Five months after the resignation of longtime executive director Louisa Walthers, Mt. Evans Hospice and Home Health Care has a new leader: Evergreen resident Kathy Engel.
Engel is no stranger to Mt. Evans; she served as the agency’s director of patient services from 2001 to 2006, and returned to that position last September.
“My heart is here,” says Engel, who was selected from 50 applicants to fill the executive director position. “I know first-hand how important the services we provide are to the community.”
Engel is not planning any major changes to those services.
“What I do want to change,” she says, “is community awareness about Mt. Evans, what we offer, whom we serve, and where we work. Our office may be in Evergreen, but our field staff logs tens of thousands of miles each year covering our service area, which reaches from Lookout Mountain to Georgetown in the I-70 corridor, from Morrison to Grant on the 285 side - and everything in between.
“We’re fairly well known as a hospice,” she continues. “But we want the community to be more aware of what hospice entails so we can start care earlier, ensuring a better end-of-life experience for both patient and caregivers.”
Engel says the focus of hospice treatment is on comfort care and maximizing quality of life.

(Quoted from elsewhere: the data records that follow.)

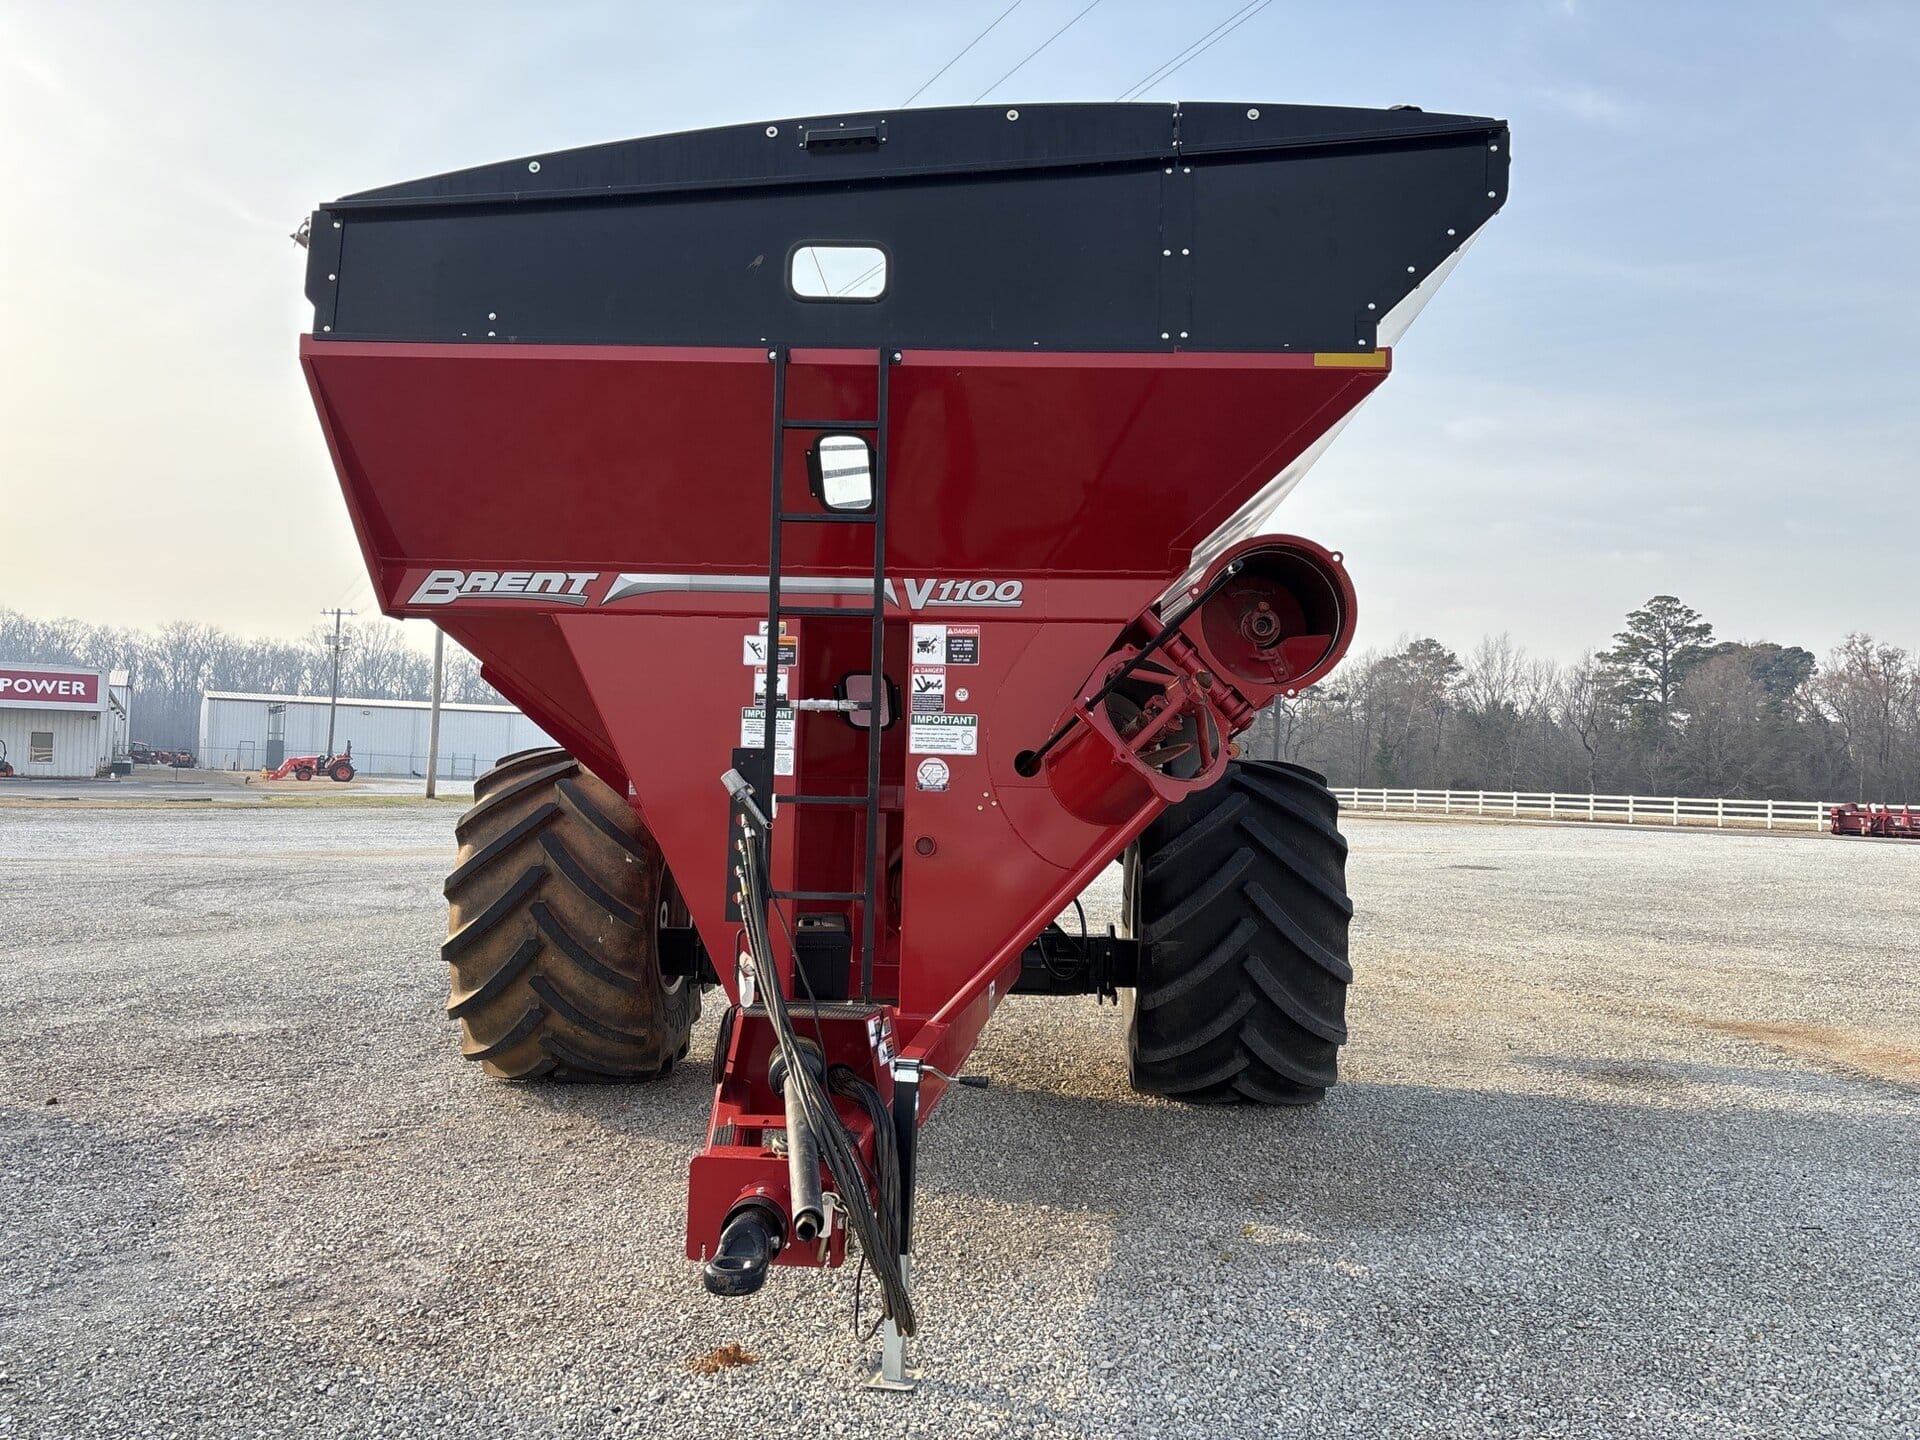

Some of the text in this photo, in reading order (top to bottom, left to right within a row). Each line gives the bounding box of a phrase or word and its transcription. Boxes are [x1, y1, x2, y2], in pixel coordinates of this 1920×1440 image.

[406, 569, 600, 605] BRENT
[902, 577, 1023, 610] V1100
[953, 627, 978, 635] DANGER
[0, 677, 86, 696] POWER
[744, 709, 793, 719] IMPOANT
[914, 715, 974, 725] IMPORTANT
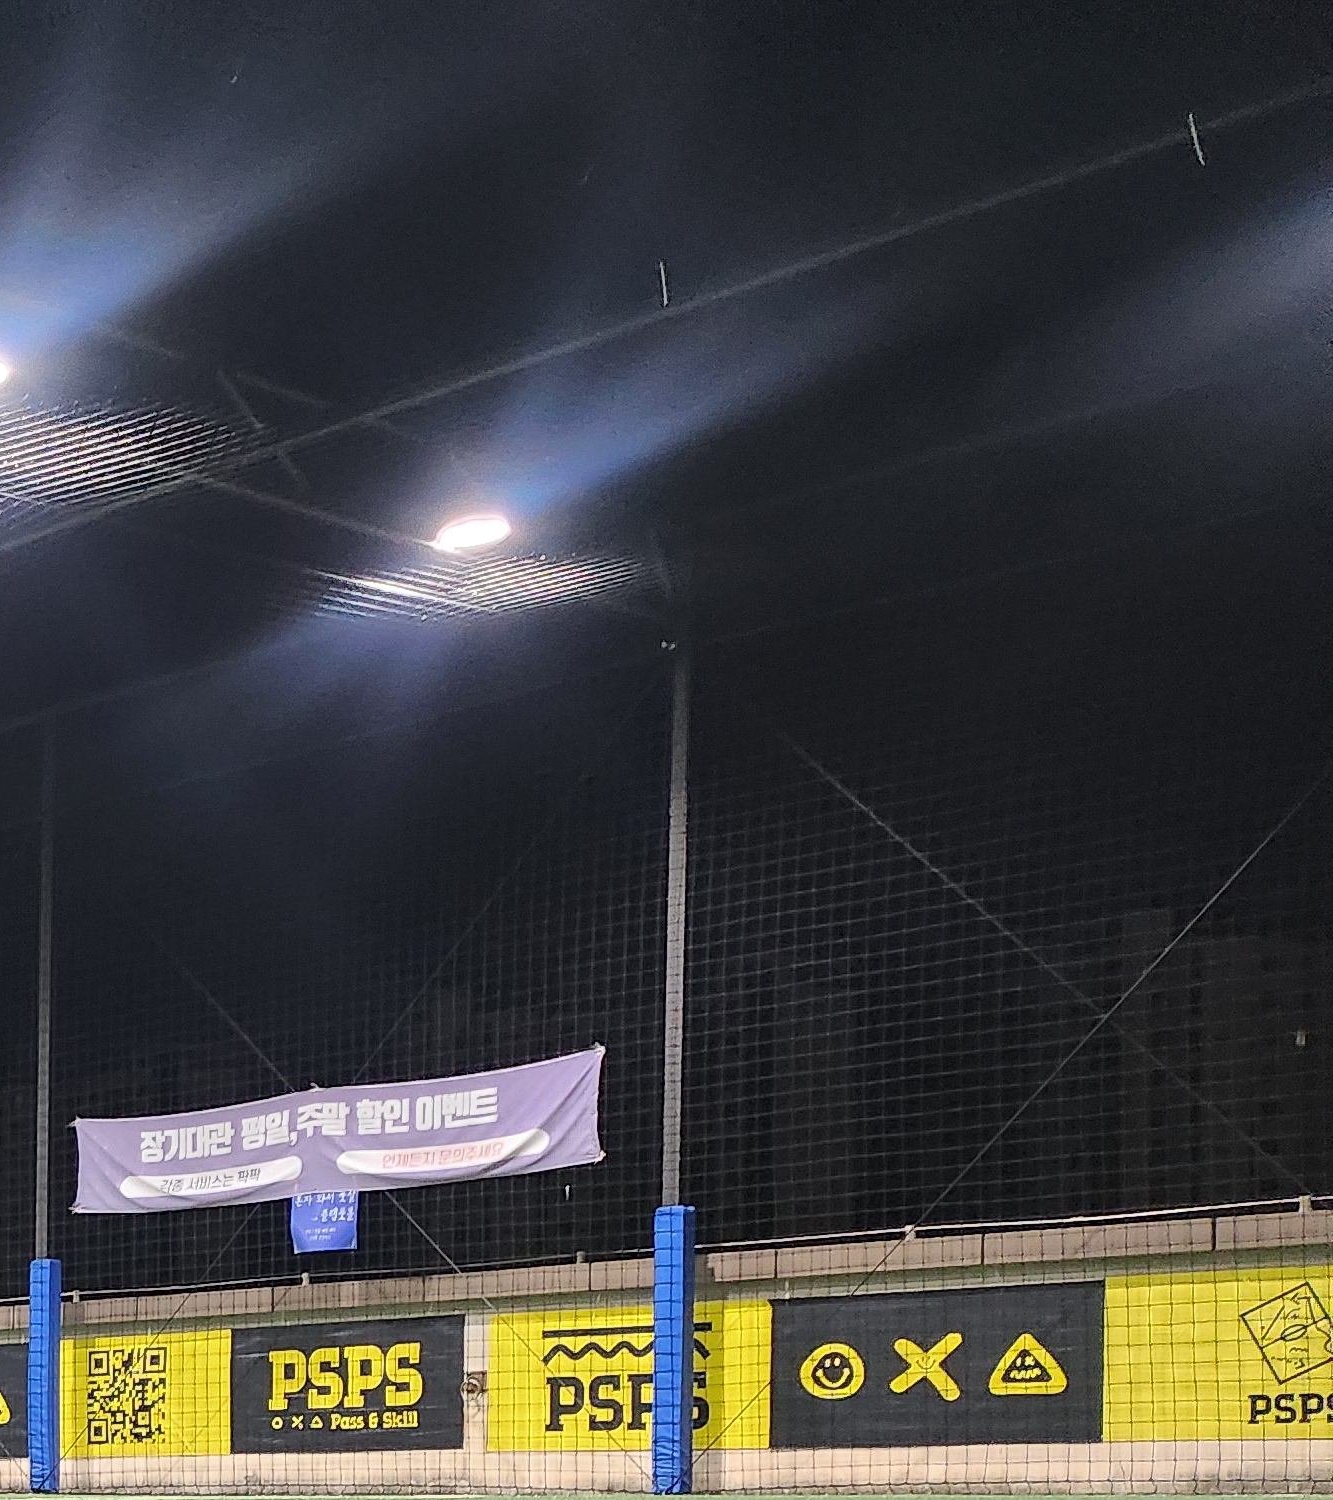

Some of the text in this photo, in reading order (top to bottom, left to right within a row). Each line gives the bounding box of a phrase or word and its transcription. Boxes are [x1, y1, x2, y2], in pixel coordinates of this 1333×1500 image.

[140, 1122, 235, 1163] 장기대관
[356, 1097, 410, 1135] 할인
[415, 1087, 498, 1131] 이벤트
[186, 1173, 234, 1190] 서비스는
[268, 1342, 423, 1411] PSPS
[330, 1413, 365, 1431] Pass
[382, 1410, 419, 1429] Skill

“Our team providing hospice care in the home includes registered nurses, nurse aides, social workers, chaplains and volunteers,” she says. “Each plan of care is customized to meet the physical, emotional and spiritual needs of patient and family.”
Still, Engel says it’s important for the community to know that Mt. Evans’ work extends beyond hospice care.
“Our home-health services include skilled nursing and therapy following an injury or surgery,” she says. “We provide ongoing services and support for people with chronic illnesses and long-term disabilities, and we help elderly residents maintain their independence and safety.”
Mt. Evans’ medical staff includes physical, occupational and speech therapists who are specially trained to assist with rehabilitation in the home, often sparing patients a longer stay in a hospital or nursing home.
One doesn’t have to be a patient to take advantage of Mt. Evans as a community resource.
“Everyone is welcome to call our office with questions about home health, hospice, bereavement, or issues related to caregiving or long-term planning,” Engel says. “
Engel adds that Mt. Evans offers numerous services to the community at large, including grief and caregiving support through individual counseling, support groups and educational presentations.
Mt. Evans serves those in need whether or not they have adequate means of paying for the services.
“This is the beginning of a new era in the wonderful history of Mt. Evans,” says Rodney Hock, president of Mt. Evans’ board of directors and member of the selection committee. “The road will not be smooth; there will be many barriers to cross.
“The world of health care is in flux, and the organization — and its new executive director — must be ready to adapt to whatever happens.”
Engel brings more than 20 years’ experience in the health-care field, including clinical management, system implementation, training and clinical care.